Based on the relation between the QoE satisfaction degree of the whole network and the user strategy, the invention accurately maps the user behavior to the system performance by proving the existence of Nash equilibrium and Stackelberg equilibrium, and provides theoretical guidance for further providing a corresponding anti-interference algorithm.
The invention discloses a user cooperation anti-interference algorithm of a layering anti-interference model facing heterogeneous service demands, which comprises the following steps:
step 1, modeling a cooperative anti-interference problem in a multi-user single-interference scene as a single-leader multi-follower Stackelberg game model, wherein game participants are all users and interferences in a system;
and 2, randomly selecting one channel for interference by interference, and defining a utility function of the interference as the sum of interference power applied by the jammer to all users of the same channel. The users select anti-interference channels according to an interference strategy, in order to reduce the inter-user interference in the process, a local cooperation model is considered, the cooperation among the users is analyzed by utilizing the potential energy game framework, and each user needs to consider the benefits of the neighbor users. Thus, the user's utility function is defined as the sum of the QoE satisfaction of the user itself with the neighbor users.
And 3, all users simultaneously perform anti-interference strategy adjustment, and the users perform channel selection according to the current zone bit, the strategy and return of the first two time slots. According to different degrees of influence of users on the whole network, different learning parameters are set for each user, so that the convergence speed of the algorithm is improved.
And 4, cycling to the step 3, and performing strategy selection by the user through exploring and learning until the interference strategy and the anti-interference strategies of all the users are converged or the set iteration times are reached.
Step 5, interference assessment of its utility u j (k) And updates the Q table.
And step 6, disturbing the updating strategy, and circulating to the step 3 until the maximum circulation times are reached.
The specific embodiments of the present invention are as follows:
1. modeling the antagonism between multiuser and interference as a Stackelberg game, expressed as wherein ,/>For user set, j is malicious jammer, < -> and />Policy set, u, representing user and interference, respectively n and uj Representing the utility functions of user n and interference, respectively.
2. Considering that users have multiple services, the throughput requirements are also different. In other words, the same throughput may correspond to different QoE satisfaction under different services. The specific QoE satisfaction calculating process comprises the following steps:
user n can only access one base station at a time, we will represent the base station accessed by user n as S n . Base station S n And the distance between the user n is expressed asBase station S n The direction angle to user n is denoted +.>We can obtain the base station S n The directional gain in the direction in which user m is located when user n is served using beamforming techniques is:
wherein ,θn For base station S n Main lobe width of beam when serving user n.
The beam coverage area of the serving user n is defined as:
wherein ,θn For base station S n Main lobe width of beam when serving user n.
Further, define the set of potential users that are interfered by user n as:
defining a set of potential users that cause interference to user n as:
wherein ,coverage area of beam for serving user m; g mn Is S m Serving user m using beamforming techniques
The gain in the direction in which the user n is located; g 0 Is the beam gain threshold, taken as 0.01.Representing the set of all but user n.

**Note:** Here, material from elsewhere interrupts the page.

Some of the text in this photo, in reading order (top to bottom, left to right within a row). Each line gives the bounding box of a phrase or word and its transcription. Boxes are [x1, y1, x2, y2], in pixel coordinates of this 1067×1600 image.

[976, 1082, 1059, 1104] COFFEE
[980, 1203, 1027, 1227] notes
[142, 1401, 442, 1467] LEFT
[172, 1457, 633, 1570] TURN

Thus, the sum of the external malicious interference suffered by user n and the inter-user interference is expressed as:
wherein ,is the interference frequency; />For channel a m The frequency; a, a m ,a n and cj Channels selected for user m, user n and jammer respectively; g mn Is S m The directional gain in the direction of the user n when the user m is served by using the beam forming technology;channel gain for the channel on which user m is located; />Is the channel gain of the channel in which the jammer is located. P is p m For the transmit power of user m, d jn Which is the distance of the jammer to the user n. P is p j Is the interference power. Delta (x, y) is an indicator function defined as
Therefore, the communication rate of user n is expressed as:
wherein B is the channel bandwidth; p is p n Representing the transmit power of user n;for base station S n Distance to user n; n (N) 0 Power spectral density, which is noise; d (D) n Is the sum of external malicious interference and mutual interference suffered by the user n. />Channel gain for the channel on which user n is located;
the MOS function is defined as:
MOS=εlog 10 (R/γ),
where R is the throughput of the user; epsilon and gamma are constants which are sized according to the maximum and minimum throughput requirements of the users, and the values of the constants are different due to the different service requirements of the users. The mapping relation between the MOS value and the five levels is shown in Table 1.
Table 1: mean Opinion Score (MOS)
Further, using a functionQuantifying different experience levels of the user, and representing satisfaction degree of the user n under different QoE levels:
based on the above analysis, the optimization objective is expressed as the maximum QoE return (i.e. sum of user satisfaction) for the whole network, namely:
based on the above analysis, the utility function for user n is expressed as:
the optimization problem for user n can be expressed as:
further, all users compose a lower level sub-game, denoted:
for interference, the objective is to maximize the cumulative interference for all users, and its utility function is defined as:
we express the decision optimization problem of interference as:
the upper layer sub-game is represented as:
3. the channel selection procedure for each user is as follows:
(1) Initializing: each userFrom its set of available channels->Medium probability of randomly selecting a channel a n (0) And set the flag bit Y n (0)=0。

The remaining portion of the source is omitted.